Pestmond (German Edition)
Rudern, um den Bug auf die Küste auszurichten. Andrej wagte aufzuatmen, blieb aber angespannt.
Der Assassine ruderte nach Kräften, doch er hatte Mühe, gegen den Sog der Brandung anzukämpfen. Jede Welle, die vom Strand zurückgeworfen wurde, trug ihn nahezu um die gleiche Distanz wieder zurück, die er dem Meer zuvor abgerungen hatte, und selbst das gelang ihm offensichtlich nur, weil es sich um einen außergewöhnlich kräftigen Mann handelte. Aber nicht einmal die Kräfte eines Assassinen waren grenzenlos.
Ali musste wohl zu demselben Schluss gekommen sein, denn er befahl auch dem zweiten Krieger mit einem knappen Wink, seinem Kameraden zu helfen. Sofort watete dieser dem Boot entgegen und hob die Arme, damit sein Kamerad ihm ein Seil zuwerfen konnte. Geschickt fing er es auf, da brach hinter ihm ein verkohlter menschlicher Schädel durch die Wasseroberfläche, verstümmelte Finger krallten sich in seine Schulter und seinen Turban und rissen ihn in einer mehr als meterhohen Explosion aus weißem Schaum so schnell unter Wasser, dass ihm nicht einmal die Zeit für einen Schrei blieb.
Ayla kreischte vor Entsetzen schrill auf, und Ali stieß einen kaum weniger lauten Fluch aus und schleuderte seinen Dolch, der jedoch in der kochenden Gischt verschwand, ohne irgendeine Wirkung zu zeigen. Andrej stürmte los, war mit zwei oder drei gewaltigen Sätzen in der Brandung und griff zu. Er konnte nur hoffen, dass er den richtigen der beiden Schemen ergriff, die unmittelbar vor ihm unter der Wasseroberfläche miteinander rangen.

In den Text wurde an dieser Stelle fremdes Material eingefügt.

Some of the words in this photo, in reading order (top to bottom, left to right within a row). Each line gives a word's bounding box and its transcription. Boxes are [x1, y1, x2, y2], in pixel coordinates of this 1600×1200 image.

Wie sich zeigte, wäre es auf jeden Fall der falsche gewesen.
Andrej bekam etwas zu fassen, das sich unter seinem Griff wand und zappelte, riss es mit beiden Händen aus dem Wasser und schleuderte die Gestalt in hohem Bogen auf den Strand zurück. Etwas grub sich in seinen linken Knöchel, sodass er nach hinten kippte und das Gleichgewicht verlor. Heftiger Schmerz durchzuckte ihn, als der Untote mit aller Kraft an seinem Bein riss, sodass er endgültig fiel und Wasser schluckte, statt aufzuschreien.
Für den Bruchteil einer Sekunde drohte er in Panik zu geraten. Nicht einmal er konnte Wasser atmen. Dann riss er sich zusammen, warf sich mit einer zornigen Bewegung herum, um seinen Angreifer auf diese Weise gleich abzuschütteln. Doch etwas hielt ihn fest, schmale, aber unglaublich starke Hände, deren Kraft es durchaus mit seiner eigenen aufnehmen konnte. Auch der Schmerz in seinem Knöchel wurde schlimmer, als hätte sich das Blut in seinen Adern in Säure verwandelt, die ihn nun von innen heraus zerfraß.

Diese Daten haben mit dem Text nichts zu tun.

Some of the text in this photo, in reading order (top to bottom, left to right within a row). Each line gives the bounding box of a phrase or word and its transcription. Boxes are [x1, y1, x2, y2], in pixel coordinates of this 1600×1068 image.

Er wollte schreien, schluckte abermals salziges Wasser und spürte, wie sich sein Kehlkopf zu verkrampfen begann, um das Eindringen von Wasser in seine Lungen zu verhindern. Der Panik noch einmal näher als vor einer Sekunde mobilisierte er seine ganze gewaltige Kraft, sprang hoch und katapultierte sich den halben Weg zum Strand zurück. Doch der Angreifer hing noch immer an seinem Bein. Die Zähne der Kreatur hatten sich tief ins Fleisch seines Fußes gegraben.
Andrej verdarb ihm den Spaß, indem er ihm hart genug mit dem anderen Fuß ins Gesicht trat, um es nachhaltig umzugestalten. Etliche Zähne des Ungeheuers brachen ab und verschwanden in der Gischt, und sein Unterkiefer sah mit einem Male sonderbar verdreht aus.
Scharfkantige Knochensplitter gruben sich tiefer in sein Fleisch. Andrej schrie in purer Agonie auf.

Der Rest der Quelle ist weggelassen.